» Exercise brief:
Transcribe every line below exactly; no image goes into the output.

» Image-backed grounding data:
[Start of section]
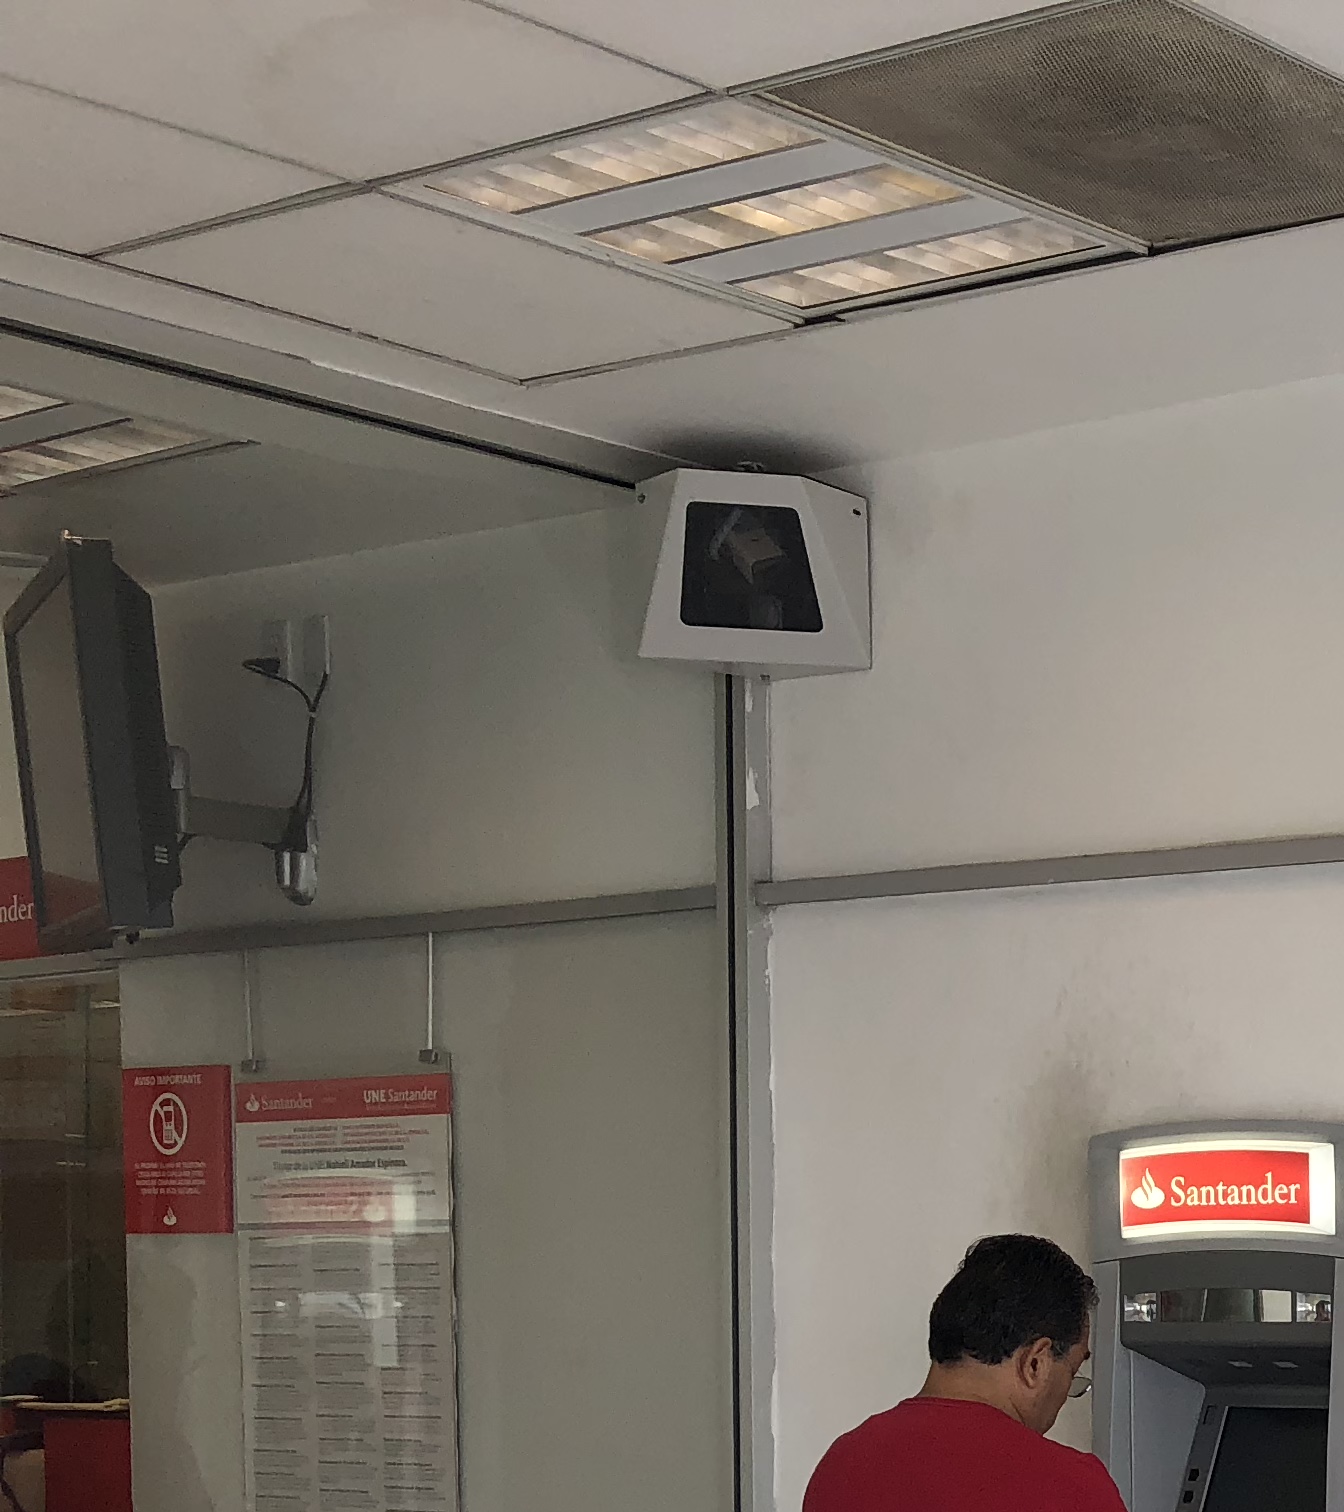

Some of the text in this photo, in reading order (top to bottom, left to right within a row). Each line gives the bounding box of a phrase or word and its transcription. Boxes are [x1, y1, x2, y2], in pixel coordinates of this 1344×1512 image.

[134, 1074, 202, 1086] AVISO IMPORTANTE
[262, 1093, 313, 1110] Santander
[363, 1086, 438, 1103] UNE Santander
[1170, 1171, 1301, 1207] Santander
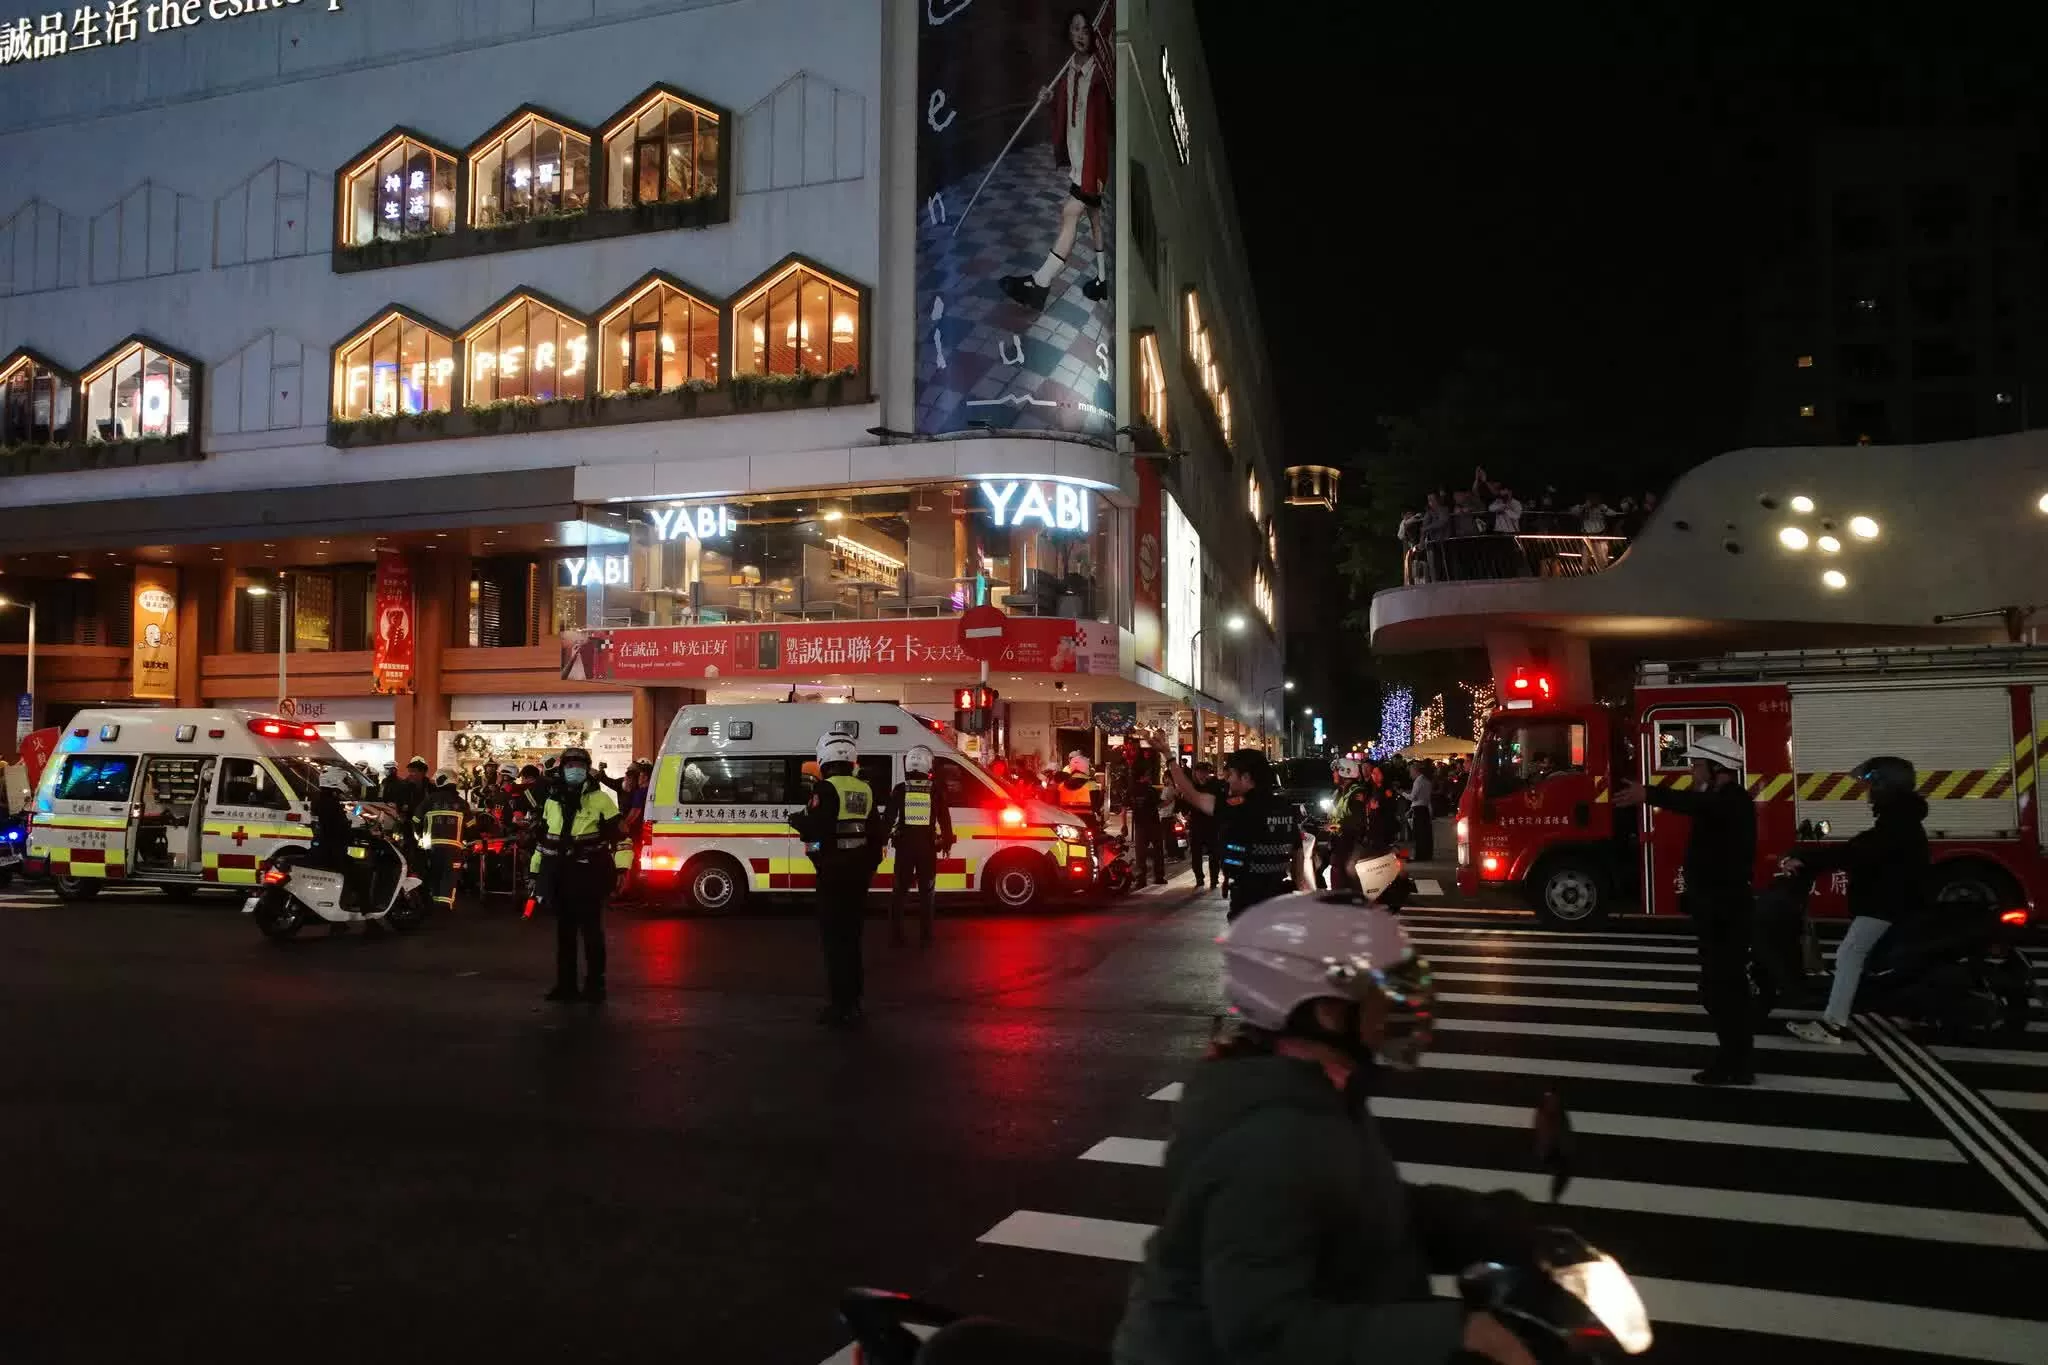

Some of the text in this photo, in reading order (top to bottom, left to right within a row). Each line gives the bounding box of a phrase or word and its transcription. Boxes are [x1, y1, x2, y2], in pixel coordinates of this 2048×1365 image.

[0, 0, 137, 63] 誠品生活
[147, 0, 201, 32] the
[651, 505, 727, 541] YABI
[980, 481, 1089, 533] YABI
[564, 555, 629, 586] YABI
[799, 634, 922, 664] 誠品聯名卡
[1266, 815, 1293, 825] POLICE
[End of section]
» Expected answer:
Some of the text in this photo, in reading order (top to bottom, left to right within a row). Each line gives the bounding box of a phrase or word and its transcription. Boxes are [x1, y1, x2, y2], in pixel coordinates of this 1344×1512 image.

[134, 1074, 202, 1086] AVISO IMPORTANTE
[262, 1093, 313, 1110] Santander
[363, 1086, 438, 1103] UNE Santander
[1170, 1171, 1301, 1207] Santander

Some of the text in this photo, in reading order (top to bottom, left to right within a row). Each line gives the bounding box of a phrase or word and its transcription. Boxes are [x1, y1, x2, y2], in pixel coordinates of this 2048×1365 image.

[0, 0, 137, 63] 誠品生活
[147, 0, 201, 32] the
[651, 505, 727, 541] YABI
[980, 481, 1089, 533] YABI
[564, 555, 629, 586] YABI
[799, 634, 922, 664] 誠品聯名卡
[1266, 815, 1293, 825] POLICE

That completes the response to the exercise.